EXERCISE GOAL
Output the records below verbatim, minus the pictures.

BEGIN DATASET RECORDS

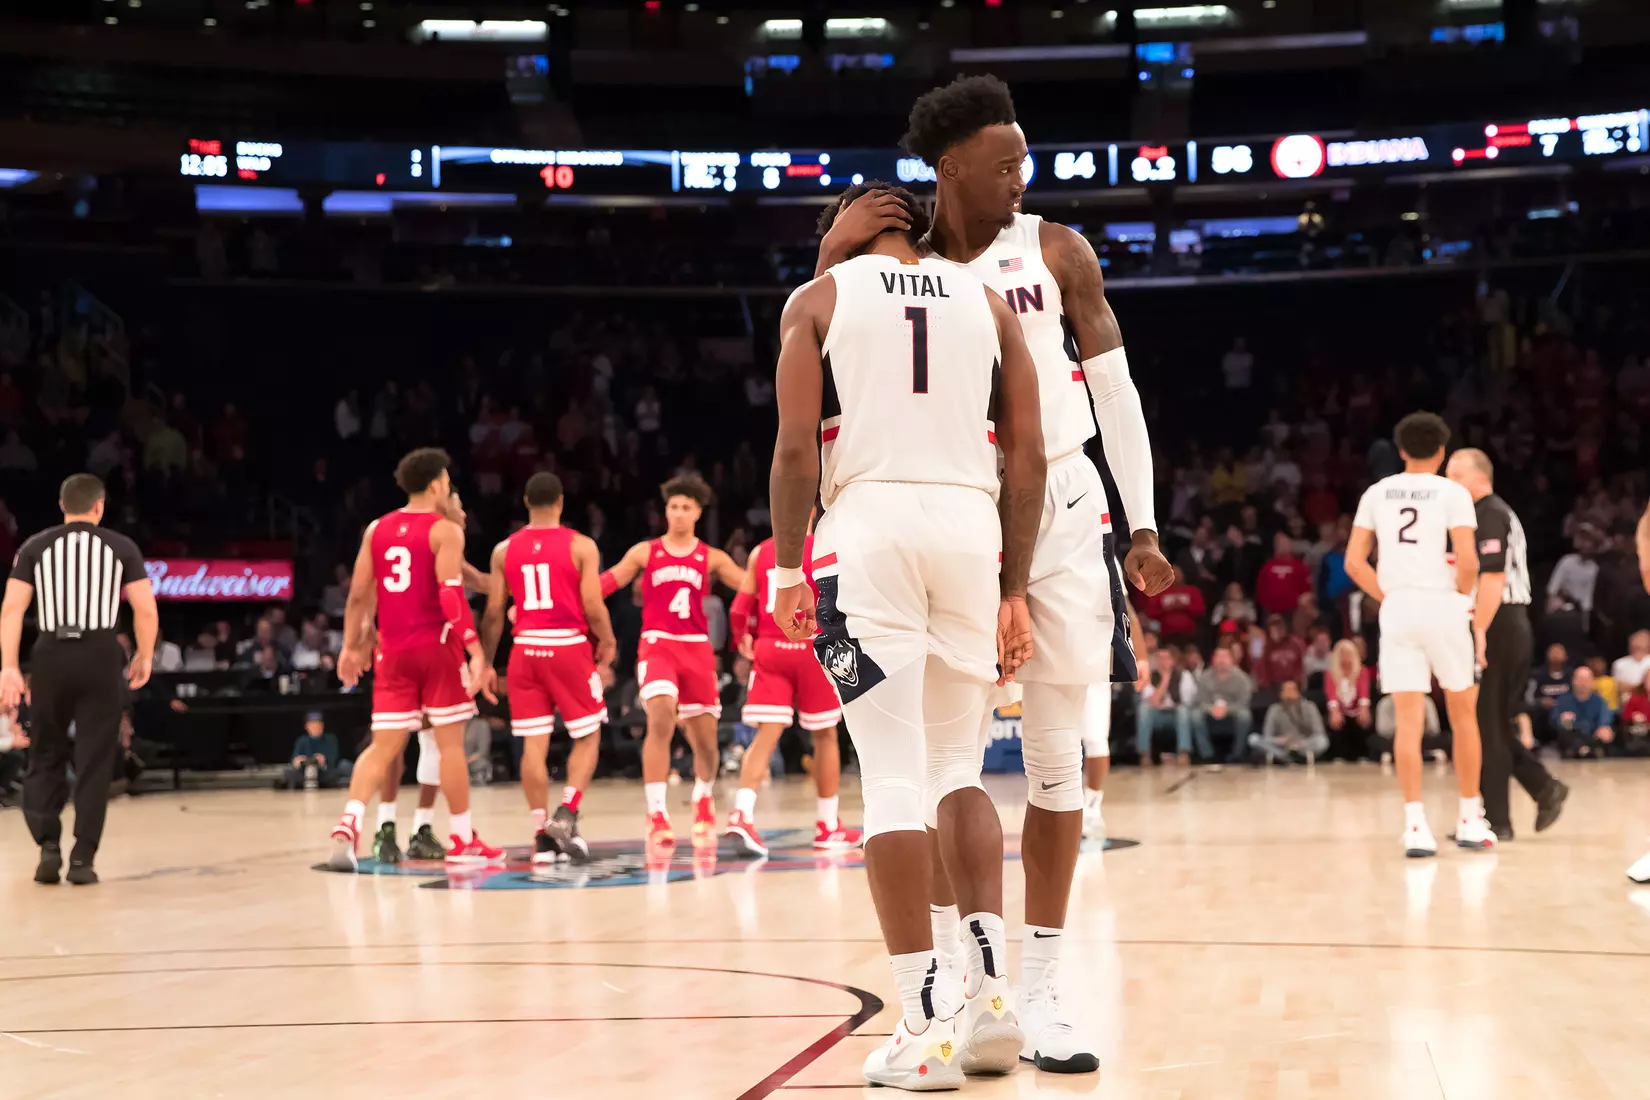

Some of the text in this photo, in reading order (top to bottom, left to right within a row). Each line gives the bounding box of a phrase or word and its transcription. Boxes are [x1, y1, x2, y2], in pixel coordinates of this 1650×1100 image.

[1326, 136, 1429, 166] INDIANA
[540, 165, 574, 188] 10
[879, 271, 950, 298] VITAL
[904, 306, 929, 394] 1
[1398, 507, 1418, 544] 2
[143, 560, 290, 597] Budweiser
[383, 546, 412, 593] 3
[521, 562, 554, 610] 11
[668, 587, 691, 620] 4
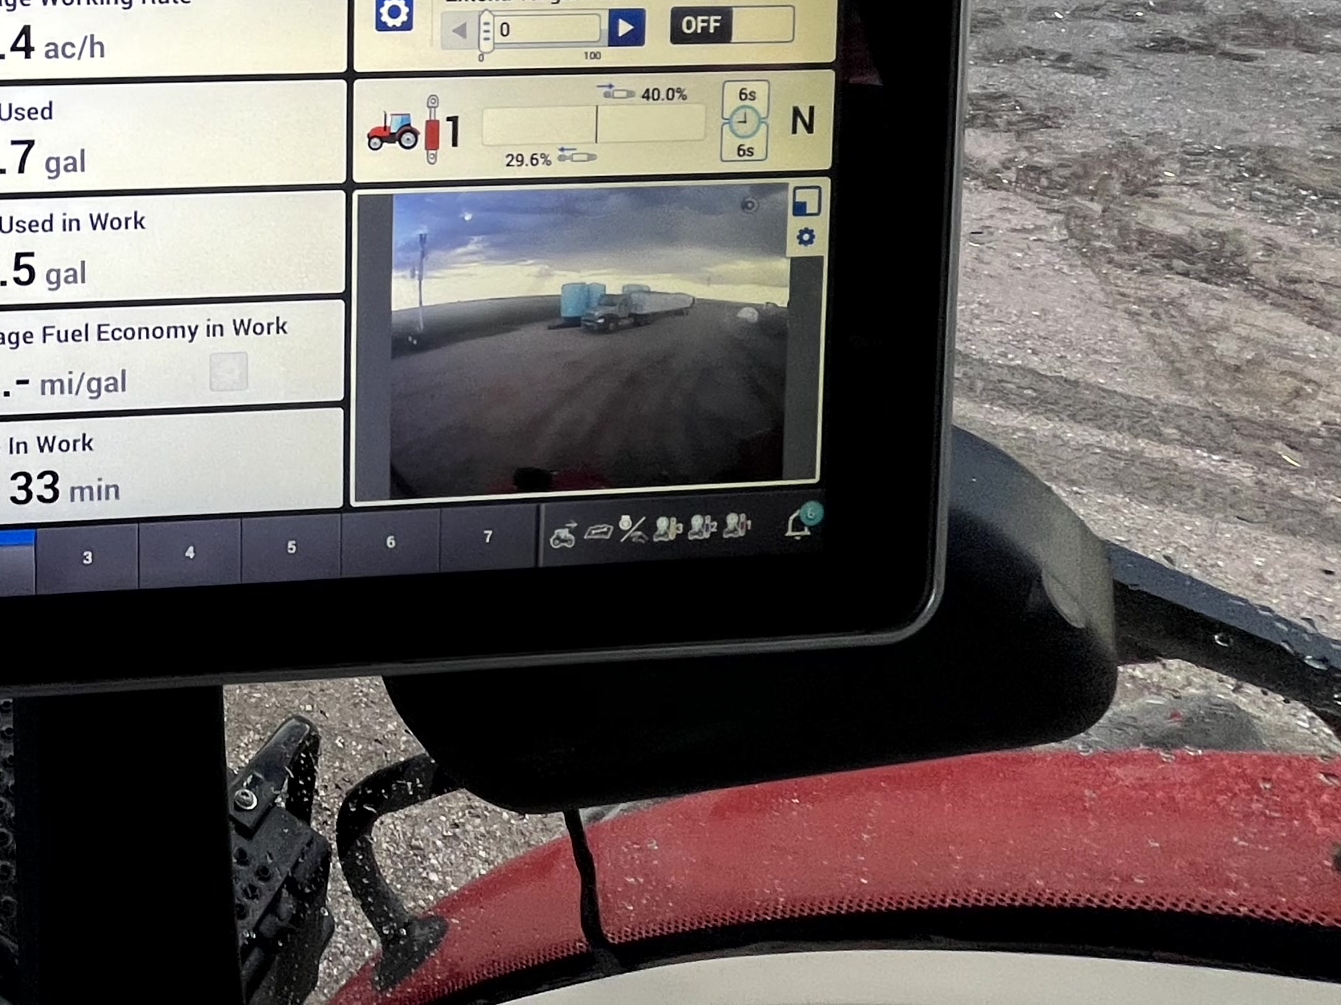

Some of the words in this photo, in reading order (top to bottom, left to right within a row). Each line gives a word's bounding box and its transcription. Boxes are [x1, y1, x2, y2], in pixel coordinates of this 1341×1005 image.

[499, 22, 511, 38] 0
[682, 16, 722, 33] OFF
[44, 35, 105, 62] ac/h
[584, 51, 602, 60] 100
[641, 86, 688, 103] 40.0%
[739, 87, 757, 102] 6s
[791, 105, 815, 135] N
[446, 115, 459, 148] 1
[737, 143, 754, 158] 6s
[45, 149, 85, 180] gal
[505, 151, 552, 168] 29.6%
[0, 215, 53, 234] Used
[62, 214, 81, 232] in
[89, 211, 146, 231] Work
[46, 261, 86, 291] gal
[42, 325, 90, 344] Fuel
[97, 321, 198, 342] Economy
[206, 318, 224, 338] in
[232, 317, 288, 336] Work
[40, 370, 127, 400] mi/gal
[9, 437, 28, 455] In
[36, 433, 94, 453] Work
[9, 470, 61, 505] 33
[70, 481, 120, 502] min
[676, 523, 683, 534] 3
[711, 521, 718, 532] 2
[746, 519, 752, 530] 1
[386, 535, 395, 549] 6
[483, 530, 493, 543] 7
[185, 546, 195, 560] 4
[287, 540, 296, 555] 5
[83, 551, 93, 565] 3
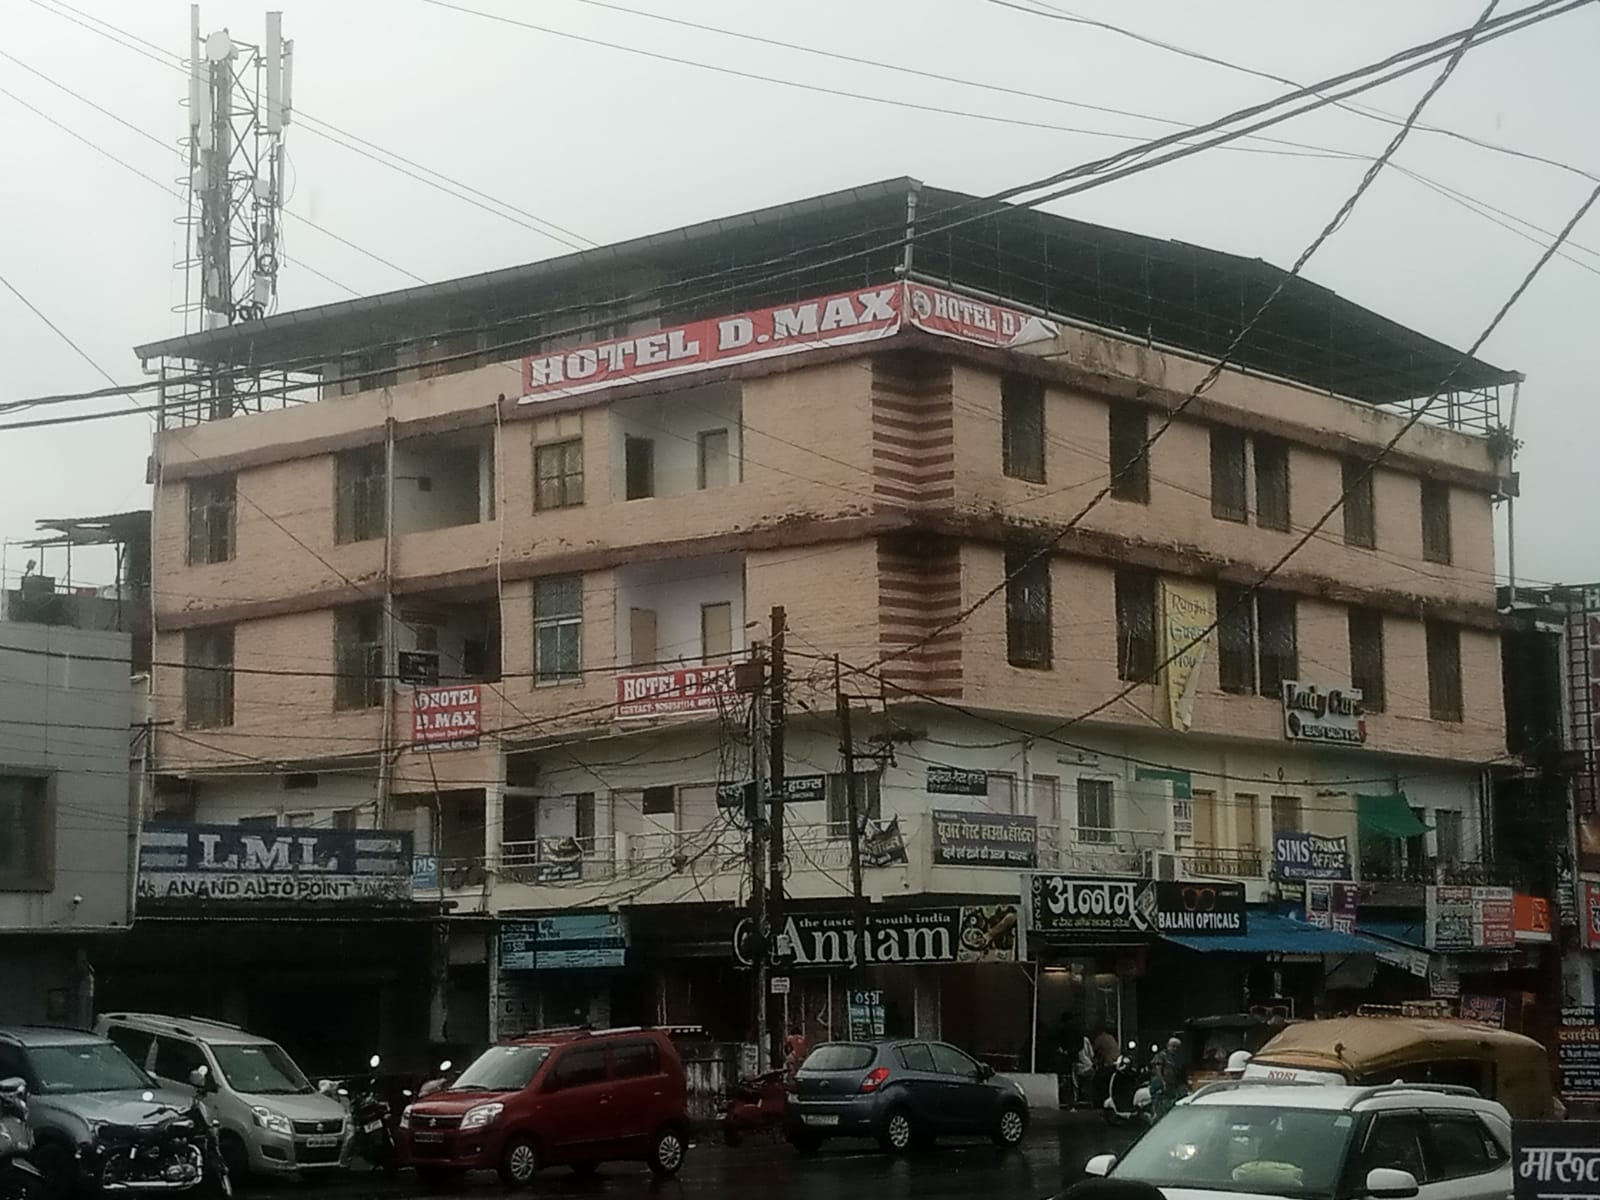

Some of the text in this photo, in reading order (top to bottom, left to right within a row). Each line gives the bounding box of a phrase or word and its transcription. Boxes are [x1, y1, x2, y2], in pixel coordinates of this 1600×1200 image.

[933, 293, 997, 333] HOTEL
[530, 288, 899, 387] HOTEL D.MAX
[430, 689, 477, 708] HOTEL
[623, 674, 680, 701] HOTEL
[197, 832, 338, 872] LML
[1277, 838, 1310, 863] SIMS
[1311, 852, 1345, 869] OFFICE
[167, 880, 239, 897] ANAND
[244, 880, 296, 897] AUTO
[298, 881, 353, 897] POINT
[799, 917, 820, 928] the
[915, 912, 951, 924] india
[1158, 911, 1240, 929] BALANI OPTICALS
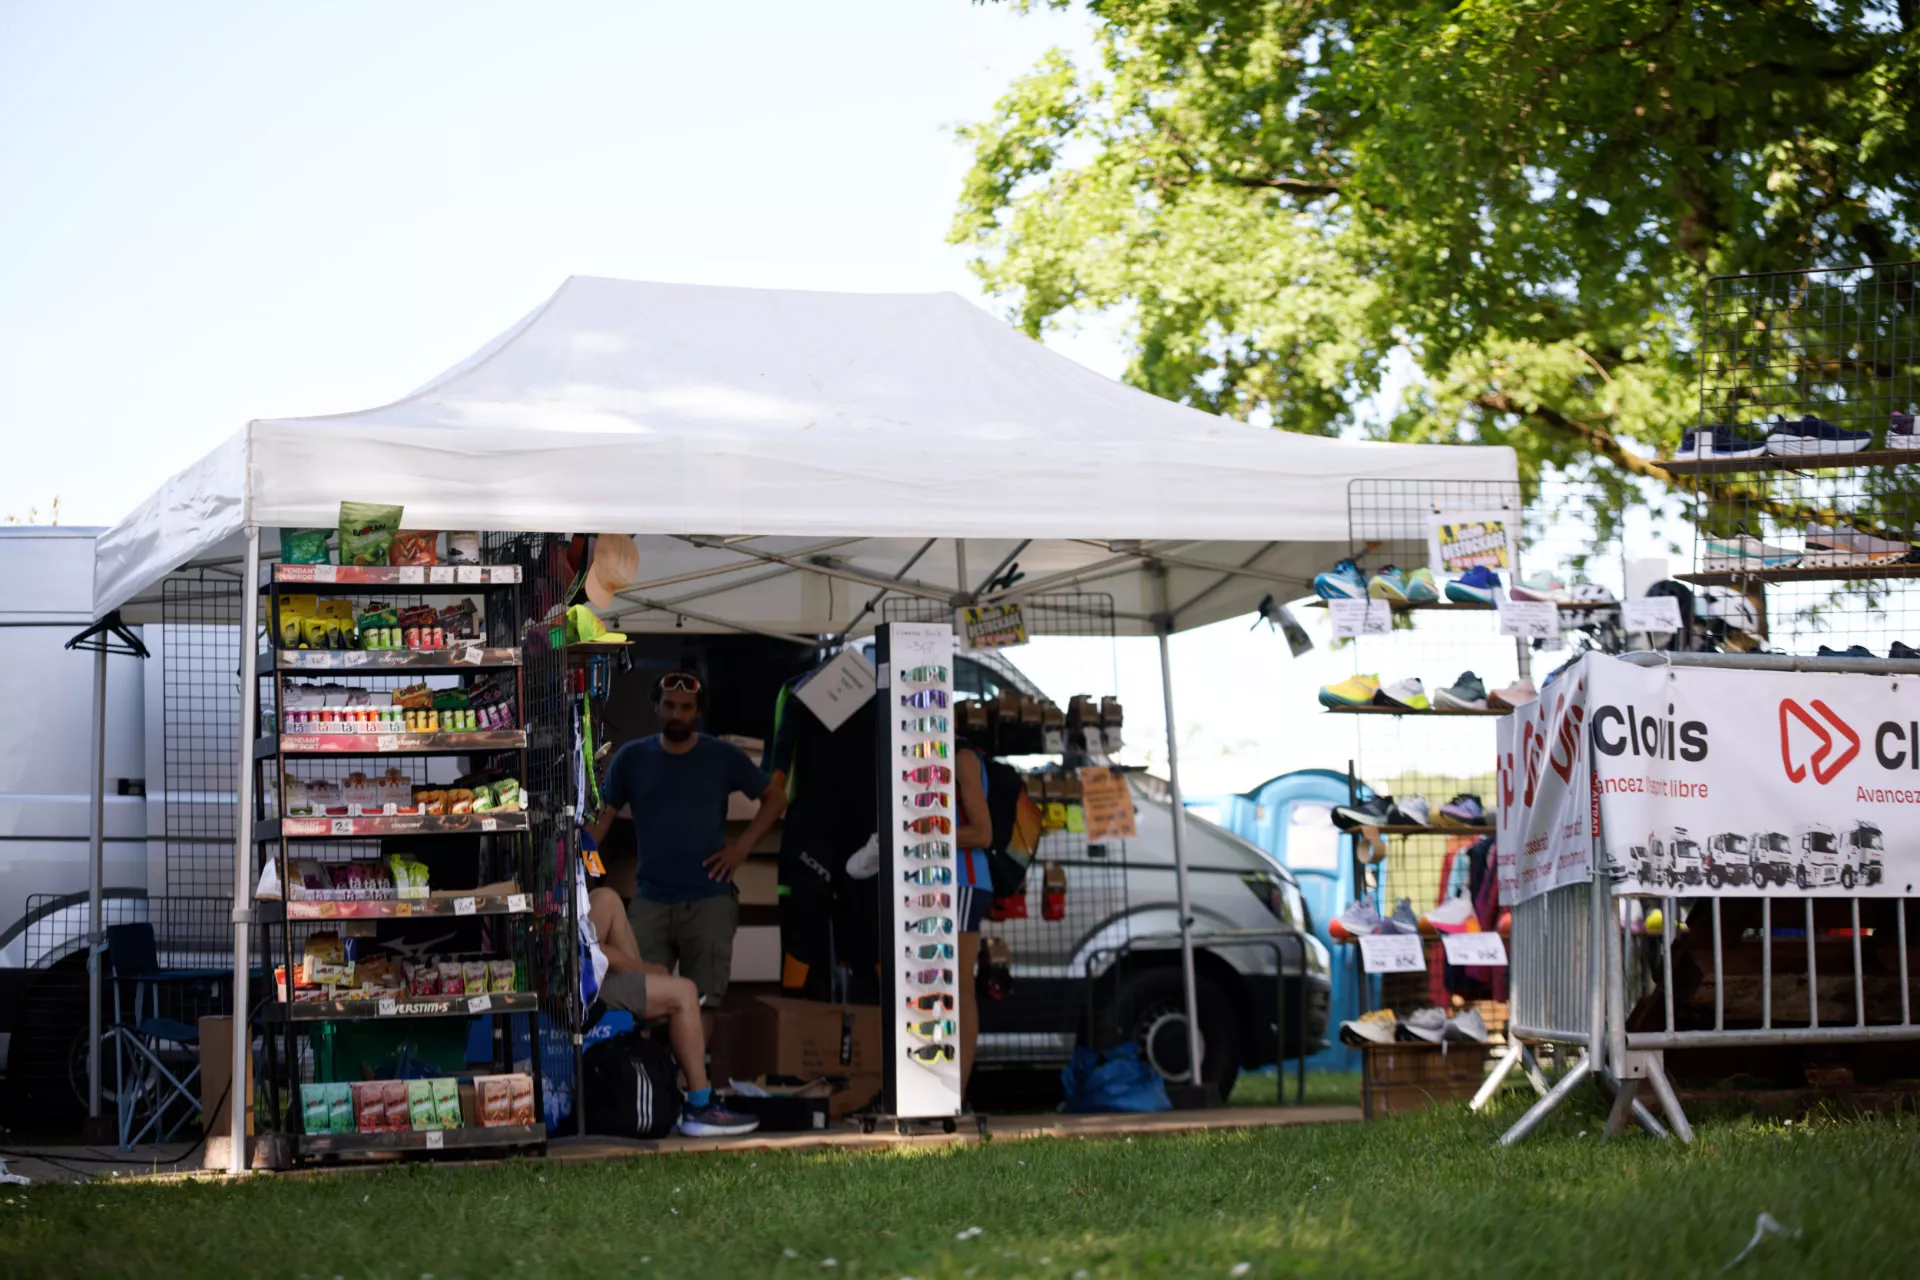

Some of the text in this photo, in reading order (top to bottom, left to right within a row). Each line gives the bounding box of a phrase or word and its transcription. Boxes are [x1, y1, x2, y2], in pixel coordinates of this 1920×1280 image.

END DATASET RECORDS

TASK RESULT
Some of the text in this photo, in reading order (top to bottom, left to right within a row). Each line gives the bounding box of a phrase or word and its transcription. Boxes are [x1, y1, x2, y2], in pixel coordinates of this 1650×1100 image.

[1326, 136, 1429, 166] INDIANA
[540, 165, 574, 188] 10
[879, 271, 950, 298] VITAL
[904, 306, 929, 394] 1
[1398, 507, 1418, 544] 2
[143, 560, 290, 597] Budweiser
[383, 546, 412, 593] 3
[521, 562, 554, 610] 11
[668, 587, 691, 620] 4

Some of the words in this photo, in reading order (top to bottom, left to right within a row). Each line gives a word's bounding box and its transcription. Boxes are [x1, y1, x2, y2], in pixel coordinates of this 1341×1005 image.

[499, 22, 511, 38] 0
[682, 16, 722, 33] OFF
[44, 35, 105, 62] ac/h
[584, 51, 602, 60] 100
[641, 86, 688, 103] 40.0%
[739, 87, 757, 102] 6s
[791, 105, 815, 135] N
[446, 115, 459, 148] 1
[737, 143, 754, 158] 6s
[45, 149, 85, 180] gal
[505, 151, 552, 168] 29.6%
[0, 215, 53, 234] Used
[62, 214, 81, 232] in
[89, 211, 146, 231] Work
[46, 261, 86, 291] gal
[42, 325, 90, 344] Fuel
[97, 321, 198, 342] Economy
[206, 318, 224, 338] in
[232, 317, 288, 336] Work
[40, 370, 127, 400] mi/gal
[9, 437, 28, 455] In
[36, 433, 94, 453] Work
[9, 470, 61, 505] 33
[70, 481, 120, 502] min
[676, 523, 683, 534] 3
[711, 521, 718, 532] 2
[746, 519, 752, 530] 1
[386, 535, 395, 549] 6
[483, 530, 493, 543] 7
[185, 546, 195, 560] 4
[287, 540, 296, 555] 5
[83, 551, 93, 565] 3

Some of the text in this photo, in reading order (top to bottom, left to right within a row). Each line gives the bounding box of a phrase or word and its transcription. Boxes are [x1, y1, x2, y2], in pixel coordinates of this 1600×1200 image.

[933, 293, 997, 333] HOTEL
[530, 288, 899, 387] HOTEL D.MAX
[430, 689, 477, 708] HOTEL
[623, 674, 680, 701] HOTEL
[197, 832, 338, 872] LML
[1277, 838, 1310, 863] SIMS
[1311, 852, 1345, 869] OFFICE
[167, 880, 239, 897] ANAND
[244, 880, 296, 897] AUTO
[298, 881, 353, 897] POINT
[799, 917, 820, 928] the
[915, 912, 951, 924] india
[1158, 911, 1240, 929] BALANI OPTICALS

Some of the text in this photo, in reading order (top to bottom, left to right within a row). Each line gives the bounding box of a phrase or word and its transcription. Boxes are [x1, y1, x2, y2], in pixel coordinates of this 1920×1280 image.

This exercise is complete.